WORK INSTRUCTIONS: Print the records below exactly, and do not carry over any picture.
[[ THE DATA open ]]
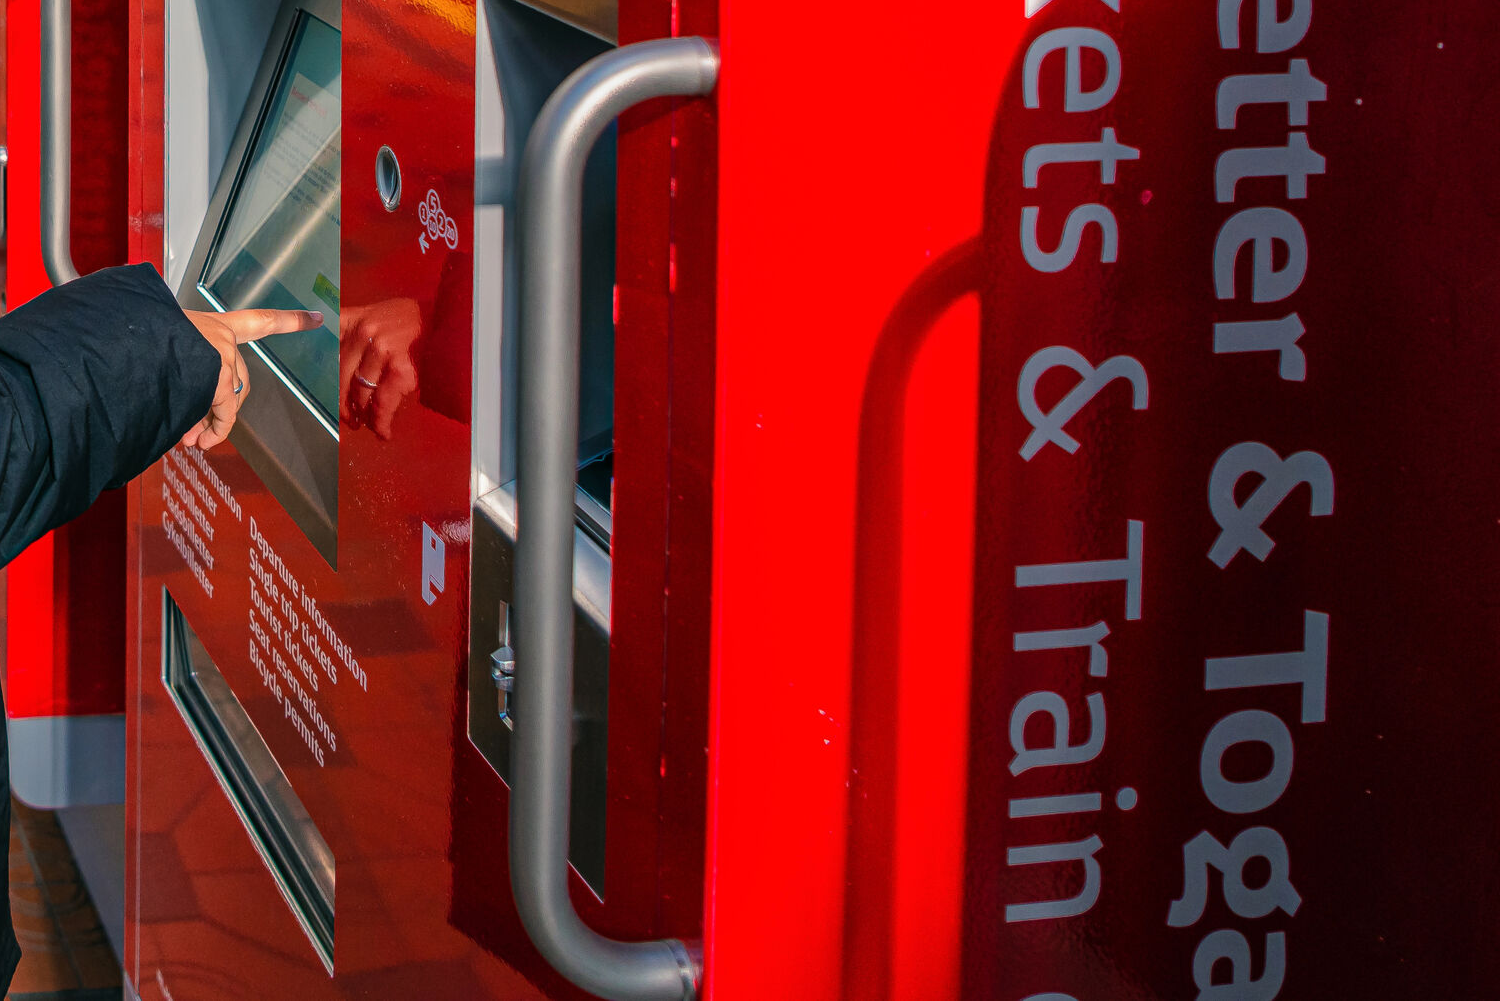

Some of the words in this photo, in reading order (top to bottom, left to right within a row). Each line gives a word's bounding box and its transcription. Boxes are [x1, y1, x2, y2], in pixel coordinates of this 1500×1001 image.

[1016, 345, 1150, 462] &
[162, 510, 214, 599] Cykelbilletter
[1206, 441, 1335, 570] &
[249, 515, 299, 599] Departure
[301, 584, 368, 692] information
[249, 547, 279, 604] Single
[281, 593, 299, 633] trip
[301, 621, 338, 685] tickets
[249, 576, 282, 641] Tourist
[284, 629, 319, 692] tickets
[249, 608, 271, 656] Seat
[272, 646, 337, 752] reservations
[249, 638, 283, 704] Bicycle
[284, 696, 325, 768] permits
[1004, 519, 1145, 924] Train
[[ THE DATA closed ]]
RESULT OF THE EXERCISE:
Some of the words in this photo, in reading order (top to bottom, left to right within a row). Each line gives a word's bounding box and its transcription. Boxes are [x1, y1, x2, y2], in pixel coordinates of this 1500×1001 image.

[1016, 345, 1150, 462] &
[162, 510, 214, 599] Cykelbilletter
[1206, 441, 1335, 570] &
[249, 515, 299, 599] Departure
[301, 584, 368, 692] information
[249, 547, 279, 604] Single
[281, 593, 299, 633] trip
[301, 621, 338, 685] tickets
[249, 576, 282, 641] Tourist
[284, 629, 319, 692] tickets
[249, 608, 271, 656] Seat
[272, 646, 337, 752] reservations
[249, 638, 283, 704] Bicycle
[284, 696, 325, 768] permits
[1004, 519, 1145, 924] Train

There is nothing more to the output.